Катерина о муже горевала, плакала; плакала и о своей бездетности. А, выплакав слезы, дала себе обет не знать мужа. Когда муж приходил, она встречала его радостно, ладно говорила с ним о домашних делах, заботливо пересматривала его рубахи, чинила, что надо, хлопотала возле печки и бывала довольна, когда ему что нравилось; но спали они розно, как чужие. А уходил он, – опять становилась она скучной и тихой. Все чаще отлучалась она из дому, гостила в недальней женской обители, бывала у старца Родиона, спасавшегося за той обителью в лесной хижине. Она настойчиво училась читать, приносила из обители священные книги и читала их вслух, необычным голосом, опустив глаза, держа книгу в обеих руках. А девочка стояла возле, слушала, оглядывая избу, которая всегда была прибрана. Упиваясь звуком своего голоса, читала Катерина о святых, о мучениках, наше темное, земное презревших ради небесного, восхотевших распять плоть свою со страстями и похотями. Анна слушала чтение, как песню на чужом языке, со вниманием. Но закрывала Катерина книгу – и она никогда не просила почитать еще: всегда непонятная была она.
Годам к тринадцати она стала отменно тонка, высока и сильна. Она была нежна, бела, синеглаза, а работу любила простую, грубую. Когда наступало лето и приходил муж Катерины, когда шла деревня на покосы, шла и Анна со своими и работала как взрослая. Да летняя работа в той стороне скудная. И опять оставались сестры одни, опять возвращались к своей ровной жизни, и опять, убравшись со скотиной, с печкой, сидела Анна за шитьем, за станом, а Катерина читала – о морях, о пустынях, о городе Риме, о Византии, о чудесах и подвигах первохристиан. В черной лесной избе звучали тогда чарующие слух слова: «В стране Каппадокийской[68], в царствование благочестивого византийского императора Льва Великого…[69] Во дни патриаршества преподобного Иоакима Александрийского[70], в далекой от нас Эфиопии…» Так и узнала Анна о девах и юношах, растерзанных дикими зверьми на ристалищах[71], о небесной красоте Варвары, обезглавленной своим лютым родителем[72], о мощах, хранимых ангелами на Синайской горе[73], о воине Евстафии[74], обращенном к истинному Богу зовом самого Распятого, солнцем просиявшего среди рогов оленя, им, Евстафием, на зверином лове гонимого, о трудах Саввы Освященного[75], обитавшего в Долине Огненной, и о многих, многих, горькие дни и ночи свои проводивших у пустынных потоков, в криптах и горных киновиях…[76] В отрочестве она видела себя во сне в длинной льняной рубахе и в железном венце на голове. И Катерина сказала ей: «Это тебе к смерти, сестра, к ранней кончине».

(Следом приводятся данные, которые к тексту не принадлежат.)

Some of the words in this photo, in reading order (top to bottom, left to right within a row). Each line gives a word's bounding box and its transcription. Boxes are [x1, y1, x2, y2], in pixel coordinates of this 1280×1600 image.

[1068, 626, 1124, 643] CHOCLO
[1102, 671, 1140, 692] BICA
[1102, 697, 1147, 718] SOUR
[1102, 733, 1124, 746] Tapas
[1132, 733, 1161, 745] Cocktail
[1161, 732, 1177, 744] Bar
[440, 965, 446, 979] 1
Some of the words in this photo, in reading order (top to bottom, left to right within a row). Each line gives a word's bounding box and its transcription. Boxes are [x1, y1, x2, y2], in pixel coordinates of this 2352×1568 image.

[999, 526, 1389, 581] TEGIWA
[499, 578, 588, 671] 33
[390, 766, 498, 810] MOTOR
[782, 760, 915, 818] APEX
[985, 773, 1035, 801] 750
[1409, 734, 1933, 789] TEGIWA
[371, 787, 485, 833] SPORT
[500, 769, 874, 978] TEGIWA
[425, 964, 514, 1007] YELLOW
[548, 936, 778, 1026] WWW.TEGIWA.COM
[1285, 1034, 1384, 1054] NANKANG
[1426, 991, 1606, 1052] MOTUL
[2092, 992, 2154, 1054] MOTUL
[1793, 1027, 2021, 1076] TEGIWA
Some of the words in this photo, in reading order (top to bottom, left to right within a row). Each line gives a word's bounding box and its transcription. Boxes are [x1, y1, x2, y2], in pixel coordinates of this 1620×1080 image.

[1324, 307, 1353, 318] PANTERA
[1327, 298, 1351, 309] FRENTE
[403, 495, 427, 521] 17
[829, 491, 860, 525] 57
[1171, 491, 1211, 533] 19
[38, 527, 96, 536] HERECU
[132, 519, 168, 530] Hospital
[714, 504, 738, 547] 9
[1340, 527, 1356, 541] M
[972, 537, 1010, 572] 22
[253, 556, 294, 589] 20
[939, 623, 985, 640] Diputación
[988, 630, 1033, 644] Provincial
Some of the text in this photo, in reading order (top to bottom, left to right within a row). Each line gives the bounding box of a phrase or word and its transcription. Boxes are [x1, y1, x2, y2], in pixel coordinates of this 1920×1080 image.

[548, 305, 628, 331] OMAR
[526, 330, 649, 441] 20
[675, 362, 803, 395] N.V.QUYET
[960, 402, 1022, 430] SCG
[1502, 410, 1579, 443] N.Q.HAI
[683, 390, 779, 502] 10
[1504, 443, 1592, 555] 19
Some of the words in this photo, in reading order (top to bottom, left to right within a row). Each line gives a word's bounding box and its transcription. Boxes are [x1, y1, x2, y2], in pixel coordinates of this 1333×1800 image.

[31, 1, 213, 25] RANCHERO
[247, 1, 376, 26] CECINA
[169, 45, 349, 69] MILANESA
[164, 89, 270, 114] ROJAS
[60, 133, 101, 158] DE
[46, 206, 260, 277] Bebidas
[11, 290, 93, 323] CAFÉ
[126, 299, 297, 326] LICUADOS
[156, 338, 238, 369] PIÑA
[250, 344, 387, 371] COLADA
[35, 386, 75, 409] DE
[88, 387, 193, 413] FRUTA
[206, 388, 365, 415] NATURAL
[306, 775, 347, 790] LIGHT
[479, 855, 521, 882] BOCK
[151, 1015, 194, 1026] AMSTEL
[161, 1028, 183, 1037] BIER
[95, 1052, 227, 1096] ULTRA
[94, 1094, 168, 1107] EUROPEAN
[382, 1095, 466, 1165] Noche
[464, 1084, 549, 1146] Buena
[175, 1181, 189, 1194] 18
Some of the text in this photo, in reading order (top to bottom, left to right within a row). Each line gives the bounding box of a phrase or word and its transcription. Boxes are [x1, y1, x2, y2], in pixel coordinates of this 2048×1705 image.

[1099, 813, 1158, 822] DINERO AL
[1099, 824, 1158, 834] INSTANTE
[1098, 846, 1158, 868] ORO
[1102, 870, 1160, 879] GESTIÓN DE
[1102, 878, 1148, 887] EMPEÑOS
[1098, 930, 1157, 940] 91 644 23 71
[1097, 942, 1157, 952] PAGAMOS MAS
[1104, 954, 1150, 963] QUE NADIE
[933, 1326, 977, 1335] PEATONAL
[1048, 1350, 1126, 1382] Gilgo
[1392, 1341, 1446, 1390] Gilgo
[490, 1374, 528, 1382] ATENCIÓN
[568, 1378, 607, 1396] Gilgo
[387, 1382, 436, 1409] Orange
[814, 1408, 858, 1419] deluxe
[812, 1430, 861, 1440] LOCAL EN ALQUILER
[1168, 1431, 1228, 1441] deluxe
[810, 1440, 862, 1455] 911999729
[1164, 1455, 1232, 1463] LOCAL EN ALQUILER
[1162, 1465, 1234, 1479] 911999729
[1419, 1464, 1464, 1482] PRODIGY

А на пятнадцатом году она стала совсем как девушка, и народ дивился ее миловидности: золотисто-белый цвет ее продолговатого лица чуть играл топким румянцем; брови у нее были густые, светло-русые, глаза синие; легкая, ладная, – разве что не в меру высокая, тонкая и долгорукая, – тихо и хорошо поднимала она длинные свои ресницы. Зима в тот год была особливо суровая. Завалило снегом леса, озера, толсто оковало льдом проруби, жгло морозным ветром да играло по утренним зорям двумя зеркальными, в радужных кольцах, солнцами. Перед Святками Катерина ела тюрю, толокно[77], Анна же питалась лишь хлебом. «Другой вещий сон хочу себе выпостить», – сказала она сестре. И под Новый год вновь приснилось ей: видела она раннее морозное утро, только что выкатилось из-за снегов слепящее ледяное солнце, острым ветром перехватывало дух; и на ветер, на солнце, по белому полю, летела она на лыжах, гналась за каким-то дивным горностаем, да сорвалась вдруг куда-то в пропасть – и ослепла, задохнулась в туче снежной пыли, взвившейся из-под лыж на срыве… Ничего нельзя было понять в этом сне, но Анна за весь день Нового года ни разу не взглянула в глаза сестре; ездили попы по деревне, зашли и к Скуратовым, – она спряталась за занавеску под полатями. В ту зиму, еще не утвердившись в своих помыслах, часто она бывала скучная, и Катерина говорила ей: «Давно зову к батюшке Родиону, он бы все снял с тебя!»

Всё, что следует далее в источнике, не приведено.